Task material
────

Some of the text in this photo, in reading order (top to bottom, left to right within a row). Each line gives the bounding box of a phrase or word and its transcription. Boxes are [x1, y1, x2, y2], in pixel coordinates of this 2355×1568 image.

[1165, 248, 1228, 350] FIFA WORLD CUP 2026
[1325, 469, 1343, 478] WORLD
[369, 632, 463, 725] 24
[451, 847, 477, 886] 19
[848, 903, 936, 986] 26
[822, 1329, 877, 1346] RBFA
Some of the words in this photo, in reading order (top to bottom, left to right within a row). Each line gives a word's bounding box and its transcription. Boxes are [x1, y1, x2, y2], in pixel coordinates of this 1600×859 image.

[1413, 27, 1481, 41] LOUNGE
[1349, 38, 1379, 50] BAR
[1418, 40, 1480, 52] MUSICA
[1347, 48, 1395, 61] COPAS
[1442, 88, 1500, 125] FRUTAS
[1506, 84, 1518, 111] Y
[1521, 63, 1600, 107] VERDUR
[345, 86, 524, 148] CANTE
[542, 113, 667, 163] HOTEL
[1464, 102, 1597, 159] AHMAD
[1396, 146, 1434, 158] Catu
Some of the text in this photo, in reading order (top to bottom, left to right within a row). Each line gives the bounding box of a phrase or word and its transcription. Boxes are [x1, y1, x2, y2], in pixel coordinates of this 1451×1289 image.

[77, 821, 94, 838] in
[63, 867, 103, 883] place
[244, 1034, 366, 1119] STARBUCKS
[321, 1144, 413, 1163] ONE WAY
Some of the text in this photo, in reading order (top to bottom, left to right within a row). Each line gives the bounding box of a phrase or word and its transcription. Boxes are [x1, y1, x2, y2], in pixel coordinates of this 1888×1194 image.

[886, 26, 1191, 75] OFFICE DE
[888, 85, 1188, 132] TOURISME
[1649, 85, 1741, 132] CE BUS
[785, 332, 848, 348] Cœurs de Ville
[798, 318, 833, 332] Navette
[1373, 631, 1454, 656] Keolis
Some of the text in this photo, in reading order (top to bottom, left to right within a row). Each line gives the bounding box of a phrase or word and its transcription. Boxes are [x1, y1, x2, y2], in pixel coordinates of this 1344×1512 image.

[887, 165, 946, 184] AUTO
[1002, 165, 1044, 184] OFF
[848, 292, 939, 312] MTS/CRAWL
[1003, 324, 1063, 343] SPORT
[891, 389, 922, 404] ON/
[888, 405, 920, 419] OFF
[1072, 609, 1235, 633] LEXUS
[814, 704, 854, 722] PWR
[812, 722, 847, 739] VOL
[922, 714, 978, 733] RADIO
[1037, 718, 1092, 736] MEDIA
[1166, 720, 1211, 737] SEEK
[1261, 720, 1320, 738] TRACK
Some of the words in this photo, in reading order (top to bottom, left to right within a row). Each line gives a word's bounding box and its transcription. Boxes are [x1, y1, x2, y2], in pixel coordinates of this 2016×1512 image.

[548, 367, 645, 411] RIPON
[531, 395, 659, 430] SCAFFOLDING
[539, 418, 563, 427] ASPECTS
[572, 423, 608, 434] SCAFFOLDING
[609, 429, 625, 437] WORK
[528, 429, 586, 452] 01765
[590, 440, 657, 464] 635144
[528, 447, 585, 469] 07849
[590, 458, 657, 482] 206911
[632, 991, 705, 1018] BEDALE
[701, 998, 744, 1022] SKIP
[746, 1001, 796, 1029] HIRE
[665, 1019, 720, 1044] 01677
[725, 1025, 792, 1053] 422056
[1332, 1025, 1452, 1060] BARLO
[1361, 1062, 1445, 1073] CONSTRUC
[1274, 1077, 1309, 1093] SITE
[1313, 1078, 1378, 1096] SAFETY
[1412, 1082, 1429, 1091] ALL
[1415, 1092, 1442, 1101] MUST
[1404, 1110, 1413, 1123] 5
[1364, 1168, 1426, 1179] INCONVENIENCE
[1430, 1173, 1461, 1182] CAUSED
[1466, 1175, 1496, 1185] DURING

────

Work task
Transcribe the lines above precisely, keeping each one unchanged.

Task output
Some of the text in this photo, in reading order (top to bottom, left to right within a row). Each line gives the bounding box of a phrase or word and its transcription. Boxes are [x1, y1, x2, y2], in pixel coordinates of this 2355×1568 image.

[1165, 248, 1228, 350] FIFA WORLD CUP 2026
[1325, 469, 1343, 478] WORLD
[369, 632, 463, 725] 24
[451, 847, 477, 886] 19
[848, 903, 936, 986] 26
[822, 1329, 877, 1346] RBFA
Some of the words in this photo, in reading order (top to bottom, left to right within a row). Each line gives a word's bounding box and its transcription. Boxes are [x1, y1, x2, y2], in pixel coordinates of this 1600×859 image.

[1413, 27, 1481, 41] LOUNGE
[1349, 38, 1379, 50] BAR
[1418, 40, 1480, 52] MUSICA
[1347, 48, 1395, 61] COPAS
[1442, 88, 1500, 125] FRUTAS
[1506, 84, 1518, 111] Y
[1521, 63, 1600, 107] VERDUR
[345, 86, 524, 148] CANTE
[542, 113, 667, 163] HOTEL
[1464, 102, 1597, 159] AHMAD
[1396, 146, 1434, 158] Catu
Some of the text in this photo, in reading order (top to bottom, left to right within a row). Each line gives the bounding box of a phrase or word and its transcription. Boxes are [x1, y1, x2, y2], in pixel coordinates of this 1451×1289 image.

[77, 821, 94, 838] in
[63, 867, 103, 883] place
[244, 1034, 366, 1119] STARBUCKS
[321, 1144, 413, 1163] ONE WAY
Some of the text in this photo, in reading order (top to bottom, left to right within a row). Each line gives the bounding box of a phrase or word and its transcription. Boxes are [x1, y1, x2, y2], in pixel coordinates of this 1888×1194 image.

[886, 26, 1191, 75] OFFICE DE
[888, 85, 1188, 132] TOURISME
[1649, 85, 1741, 132] CE BUS
[785, 332, 848, 348] Cœurs de Ville
[798, 318, 833, 332] Navette
[1373, 631, 1454, 656] Keolis
Some of the text in this photo, in reading order (top to bottom, left to right within a row). Each line gives the bounding box of a phrase or word and its transcription. Boxes are [x1, y1, x2, y2], in pixel coordinates of this 1344×1512 image.

[887, 165, 946, 184] AUTO
[1002, 165, 1044, 184] OFF
[848, 292, 939, 312] MTS/CRAWL
[1003, 324, 1063, 343] SPORT
[891, 389, 922, 404] ON/
[888, 405, 920, 419] OFF
[1072, 609, 1235, 633] LEXUS
[814, 704, 854, 722] PWR
[812, 722, 847, 739] VOL
[922, 714, 978, 733] RADIO
[1037, 718, 1092, 736] MEDIA
[1166, 720, 1211, 737] SEEK
[1261, 720, 1320, 738] TRACK
Some of the words in this photo, in reading order (top to bottom, left to right within a row). Each line gives a word's bounding box and its transcription. Boxes are [x1, y1, x2, y2], in pixel coordinates of this 2016×1512 image.

[548, 367, 645, 411] RIPON
[531, 395, 659, 430] SCAFFOLDING
[539, 418, 563, 427] ASPECTS
[572, 423, 608, 434] SCAFFOLDING
[609, 429, 625, 437] WORK
[528, 429, 586, 452] 01765
[590, 440, 657, 464] 635144
[528, 447, 585, 469] 07849
[590, 458, 657, 482] 206911
[632, 991, 705, 1018] BEDALE
[701, 998, 744, 1022] SKIP
[746, 1001, 796, 1029] HIRE
[665, 1019, 720, 1044] 01677
[725, 1025, 792, 1053] 422056
[1332, 1025, 1452, 1060] BARLO
[1361, 1062, 1445, 1073] CONSTRUC
[1274, 1077, 1309, 1093] SITE
[1313, 1078, 1378, 1096] SAFETY
[1412, 1082, 1429, 1091] ALL
[1415, 1092, 1442, 1101] MUST
[1404, 1110, 1413, 1123] 5
[1364, 1168, 1426, 1179] INCONVENIENCE
[1430, 1173, 1461, 1182] CAUSED
[1466, 1175, 1496, 1185] DURING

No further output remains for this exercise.